* WORK INSTRUCTION *
Exactly as written, set down each line of the data below except its pictures.
+ + + + +
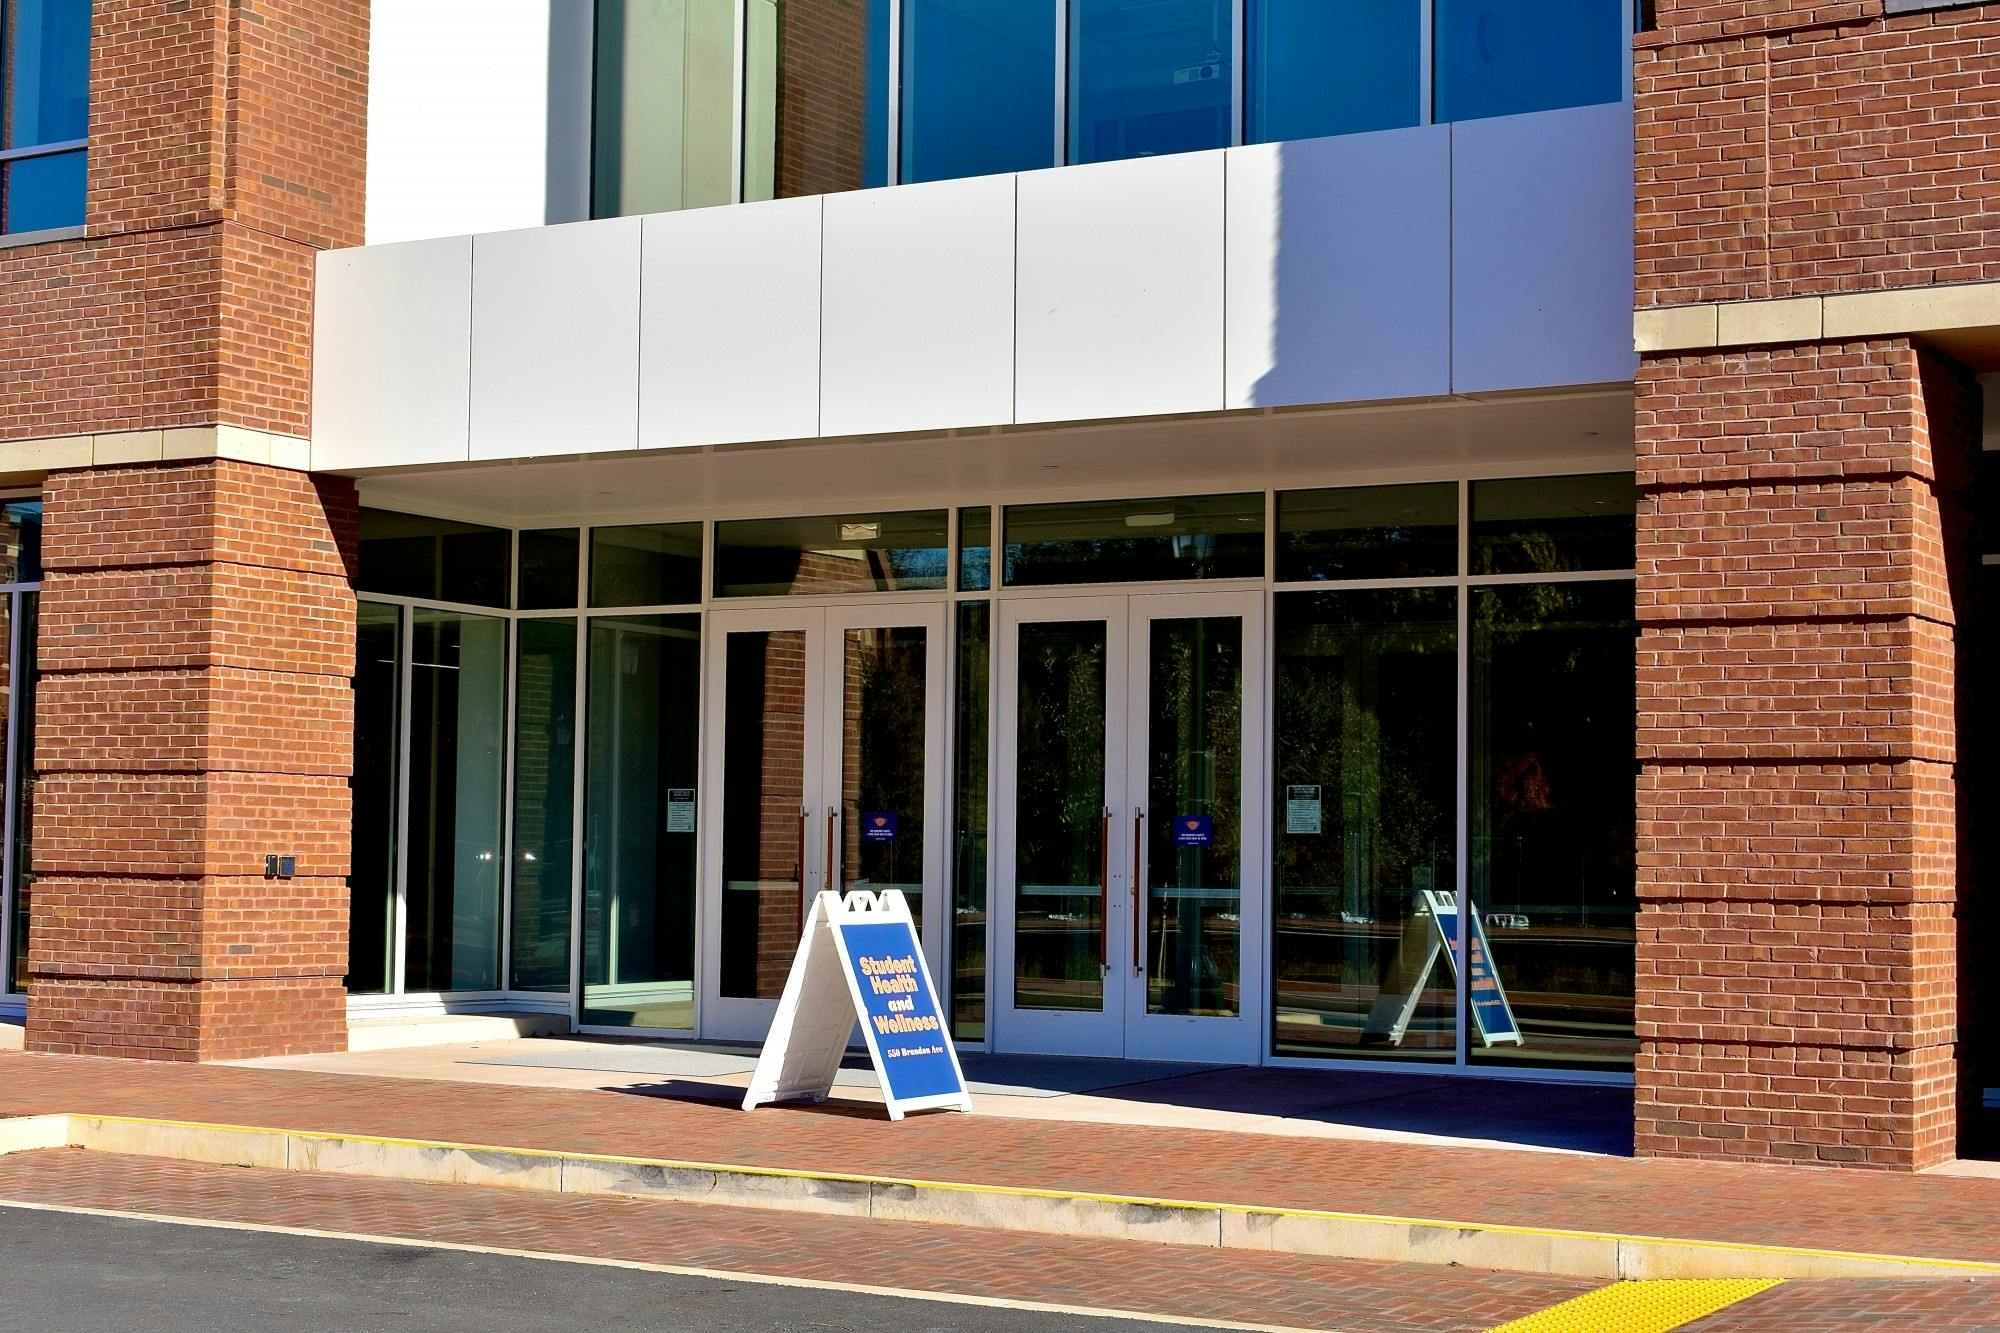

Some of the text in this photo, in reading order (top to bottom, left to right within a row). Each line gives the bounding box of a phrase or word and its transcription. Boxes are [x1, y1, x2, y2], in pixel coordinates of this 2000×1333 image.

[859, 955, 917, 975] Student
[870, 974, 918, 994] Health
[888, 994, 914, 1011] and
[873, 1014, 939, 1034] Wellness
[887, 1045, 944, 1058] 550 Brandon Ave
+ + + + +
* FINISHED TASK *
Some of the text in this photo, in reading order (top to bottom, left to right within a row). Each line gives the bounding box of a phrase or word and its transcription. Boxes are [x1, y1, x2, y2], in pixel coordinates of this 2000×1333 image.

[859, 955, 917, 975] Student
[870, 974, 918, 994] Health
[888, 994, 914, 1011] and
[873, 1014, 939, 1034] Wellness
[887, 1045, 944, 1058] 550 Brandon Ave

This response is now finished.